Since TF is a general computation framework, there is no good way of determining what pairs of weights and biases are there in a model (or if it is a neural network at all). Here are some possible approaches to the problem that I can think of:
Annotating the tensors. This is probably not practical since you already said you have no control over the model, but an easy option would be to add extra attributes to the tensors to signify the weight/bias relationships. For example, you could do something like W.bias = B and B.weight = W, and then in _apply_dense check hasattr(weight, "bias") and hasattr(weight, "weight") (there may be some better designs in this sense).
You can look into some framework built on top of TensorFlow where you may have better information about the model structure. For example, Keras is a layer-based framework that implements its own optimizer classes (based on TensorFlow or Theano). I'm not too familiar with the code or its extensibility, but probably you have more tools there to use.
Detect the structure of the network yourself from the optimizer.
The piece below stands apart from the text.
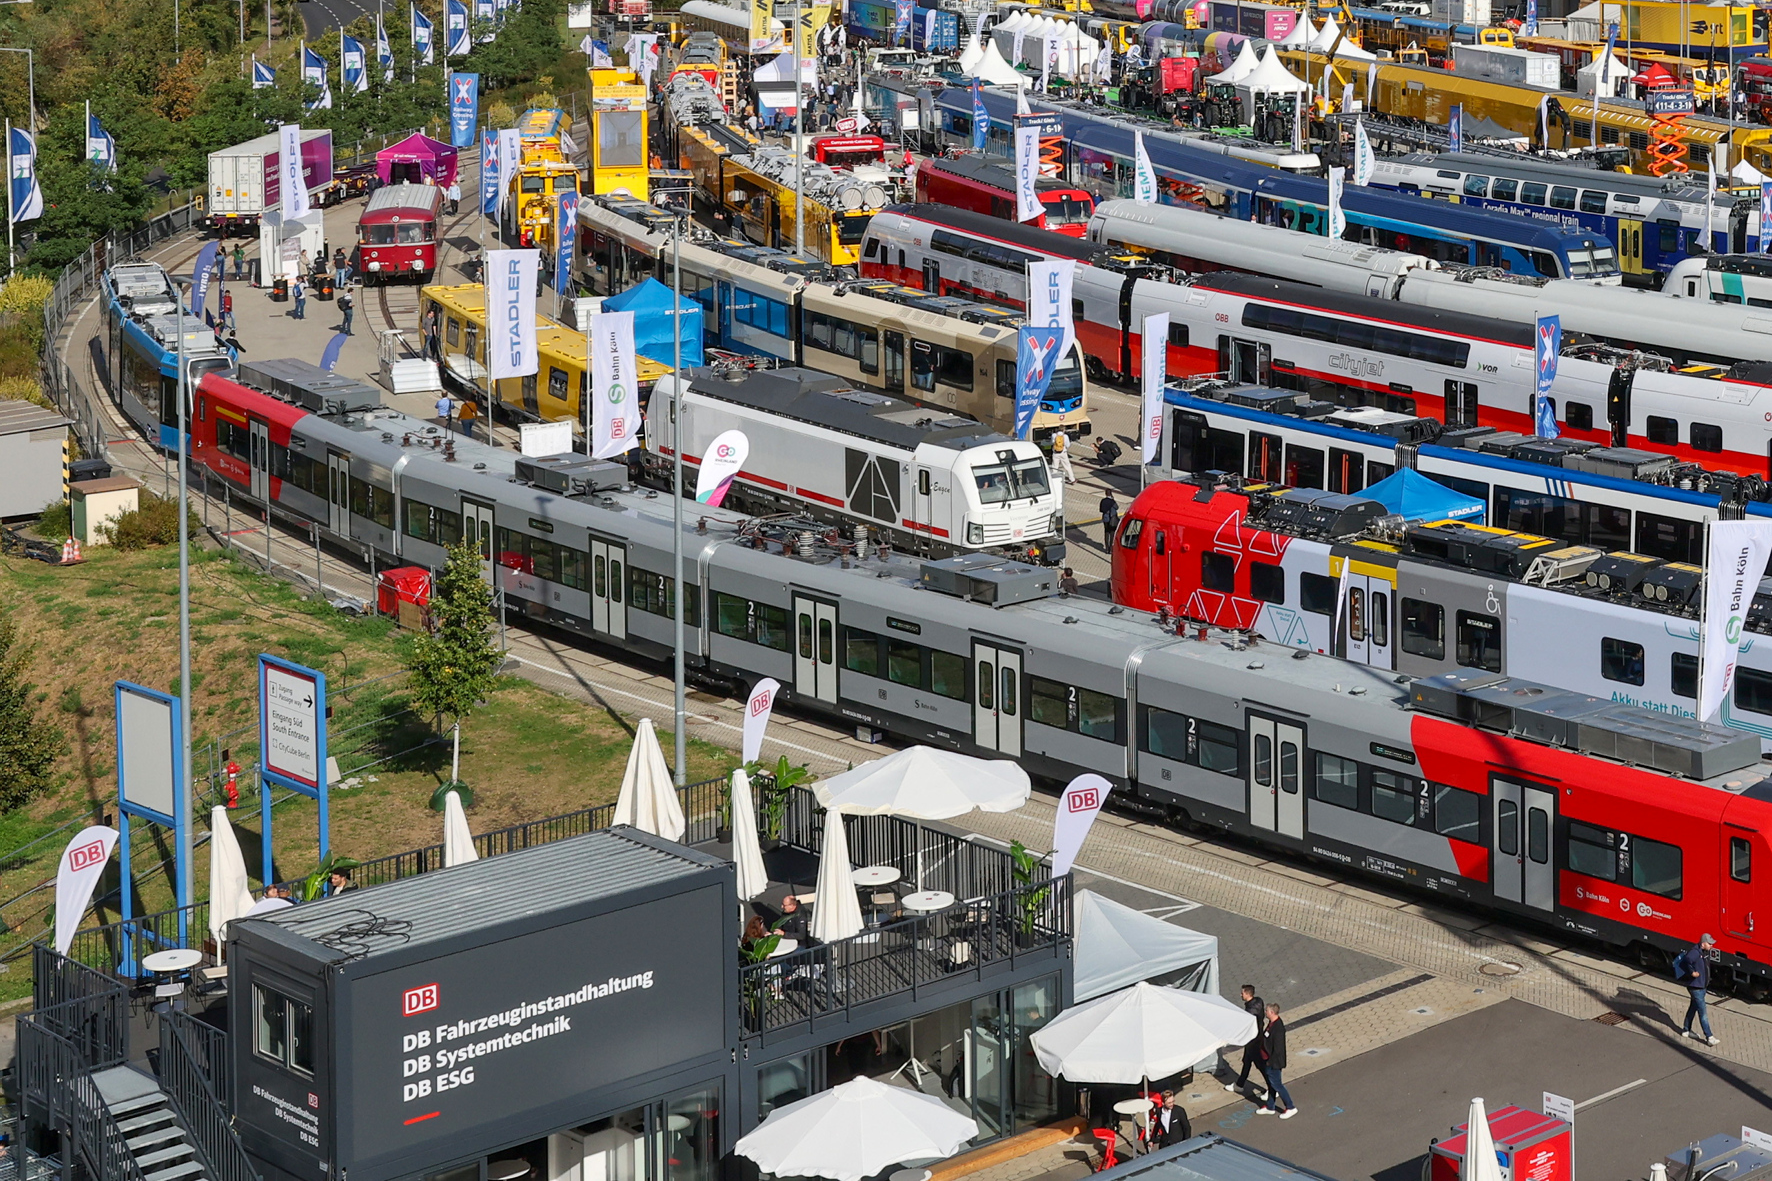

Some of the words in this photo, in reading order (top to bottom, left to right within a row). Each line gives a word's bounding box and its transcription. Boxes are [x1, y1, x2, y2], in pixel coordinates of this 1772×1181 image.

This is quite complicated, but theoretically possible. from the loss tensor passed to the optimizer, it should be possible to "climb up" in the model graph to reach all of its nodes (taking the .op of the tensors and the .inputs of the ops). You could detect tensor multiplications and additions with variables and skip everything else (activations, loss computation, etc) to determine the structure of the network; if the model does not match your expectations (e.g. there are no multiplications or there is a multiplication without a later addition) you can raise an exception indicating that your optimizer cannot be used for that model.
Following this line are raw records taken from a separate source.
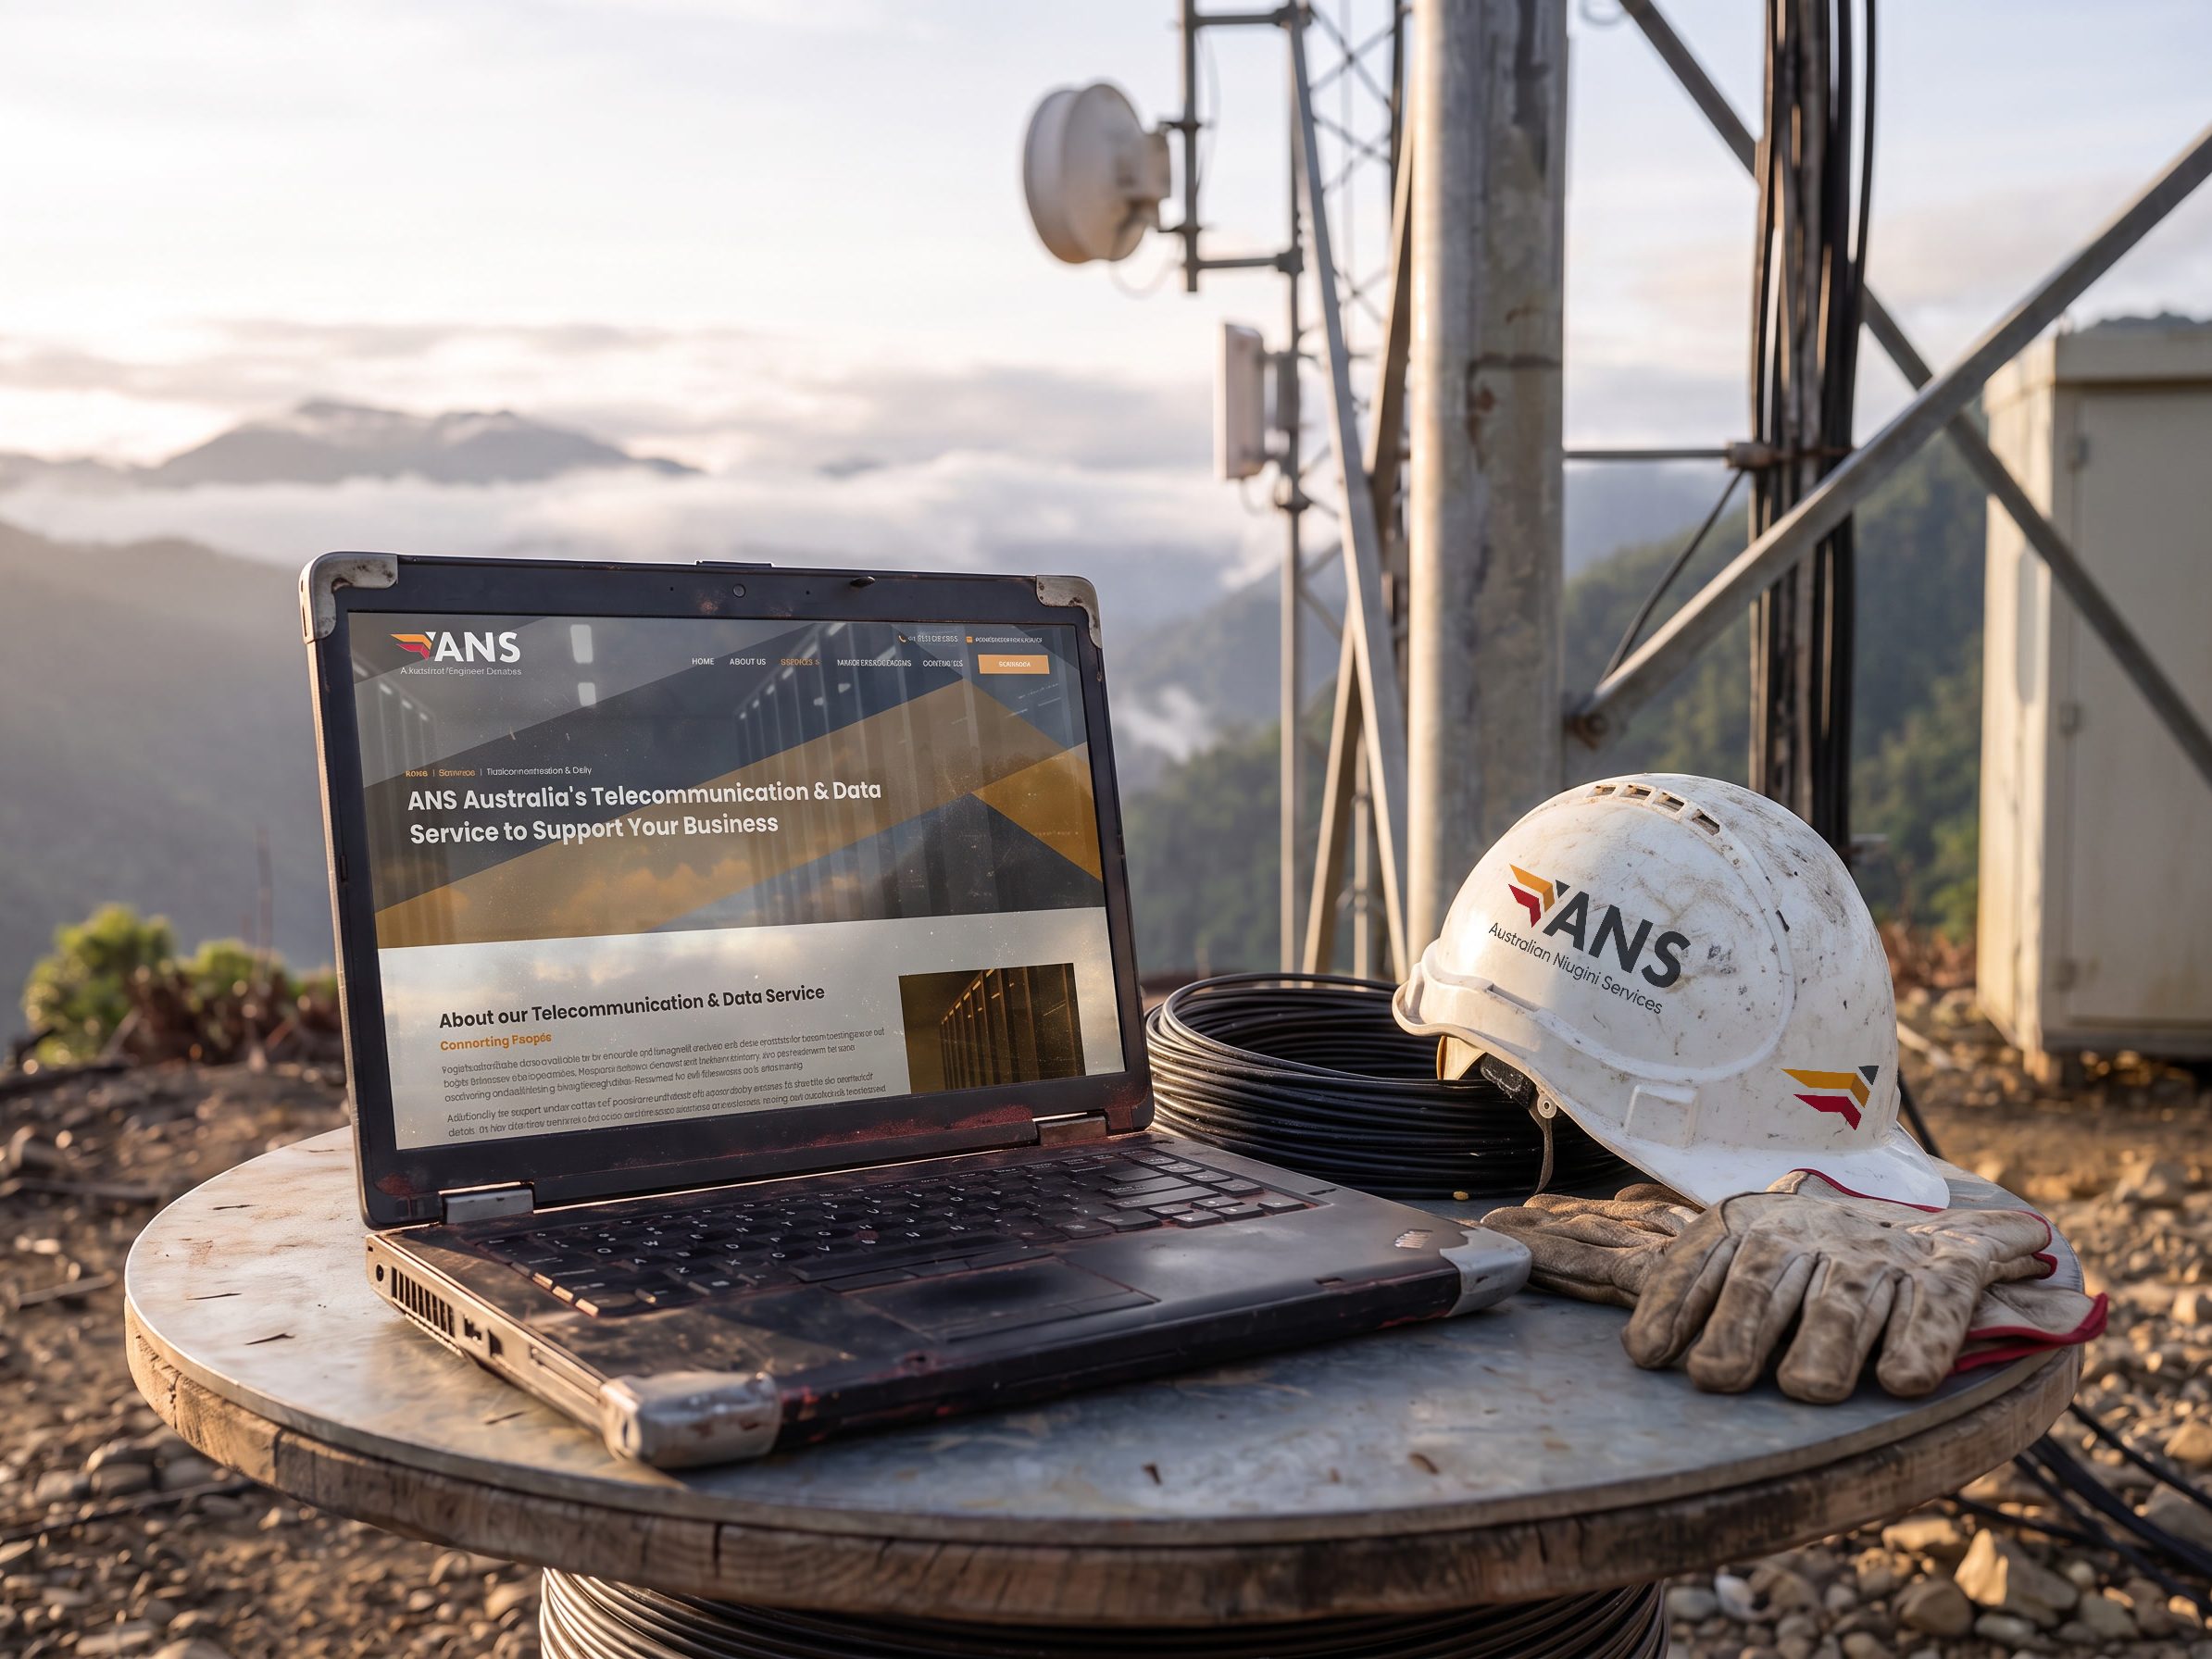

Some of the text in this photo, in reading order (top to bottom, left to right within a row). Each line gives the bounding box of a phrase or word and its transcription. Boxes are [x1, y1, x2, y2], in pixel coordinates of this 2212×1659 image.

[434, 631, 520, 663] ANS
[407, 781, 881, 811] ANS Australia's Telecommunication & Data
[410, 812, 779, 845] Service to Support Your Business
[1543, 891, 1692, 989] ANS
[1488, 922, 1663, 1015] Australian Niugini Services
[439, 984, 825, 1029] About our Telecommunication & Data Service
Old answer, kept for the sake of keeping.
I'm not 100% clear on what you are trying to do, so I'm not sure if this really answers your question.
Let's say you have a dense layer transforming an input of size M to an output of size N. According to the convention you show, you'd have an N × M weights matrix W and a N-sized bias vector B. Then, an input vector X of size M (or a batch of inputs of size M × K) would be processed by the layer as W · X + B, and then applying the activation function (in the case of a batch, the addition would be a "broadcasted" operation). In TensorFlow:
X = ... # Input batch of size M x K
W = ... # Weights of size N x M
B = ... # Biases of size N
Y = tf.matmul(W, X) + B[:, tf.newaxis] # Output of size N x K
# Activation...
If you want, you can always put W and B together in a single extended weights matrix W*, basically adding B as a new row in W, so W* would be (N + 1) × M. Then you just need to add a new element to the input vector X containing a constant 1 (or a new row if it's a batch), so you would get X* with size N + 1 (or (N + 1) × K for a batch). The product W* · X* would then give you the same result as before. In TensorFlow:
X = ... # Input batch of size M x K
W_star = ... # Extended weights of size (N + 1) x M
# You can still have a "view" of the original W and B if you need it
W = W_star[:N]
B = W_star[-1]
X_star = tf.concat([X, tf.ones_like(X[:1])], axis=0)
Y = tf.matmul(W_star, X_star) # Output of size N x K
# Activation...
Now you can compute gradients and updates for weights and biases together. A drawback of this approach is that if you want to apply regularization then you should be careful to apply it only on the weights part of the matrix, not on the biases.